Die schrecklichen Ereignisse am Bondi Beach in Australien haben uns auf ein jüdisches Fest aufmerksam gemacht, das ungefähr zur gleichen Zeit gefeiert wird wie Weihnachten: Chanukka.
Ein Lichterfest der Freude
Nicht nur die zeitliche Lage des Fests zwischen Ende November und Ende Dezember zeigt Ähnlichkeiten mit dem christlichen Fest, sondern auch sein Charakter als Fest der Freude. Chanukka feiert die Rückeroberung des Tempels in Jerusalem durch die Makkabäer. Ein Wunder ließ das gefundene, geweihte Öl für acht Tage reichen. Daher hat der Leuchter acht Arme; der mittlere Arm zählt nicht mit und hat nur eine dienende Funktion. Der Leuchter symbolisiert Glaubensfreiheit gegen Unterdrückung und das Fest fällt mit der Sonnenwende zusammen, wenn die Tage wieder länger werden.

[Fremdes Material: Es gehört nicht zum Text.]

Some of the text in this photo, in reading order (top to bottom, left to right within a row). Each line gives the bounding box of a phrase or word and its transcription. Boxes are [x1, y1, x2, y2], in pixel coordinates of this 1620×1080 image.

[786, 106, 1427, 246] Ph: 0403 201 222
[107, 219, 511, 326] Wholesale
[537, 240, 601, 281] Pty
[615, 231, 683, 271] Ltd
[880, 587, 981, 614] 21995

Ein sichtbares Zeichen für den Jüdischen Glauben
Seit den 1970er Jahren wird der Chanukka-Leuchter immer öfter vor jüdischen Einrichtungen gezeigt. Die internationale Organisation Chabad Lubawitsch fördert das öffentliche Aufstellen großer Chanukkiahs, um das jüdische Leben sichtbar zu machen. Vor dem lichtdurchlässigen Kubus der Münchner Synagoge am Jakobsplatz wirkt der Leuchter am Abend besonders beeindruckend.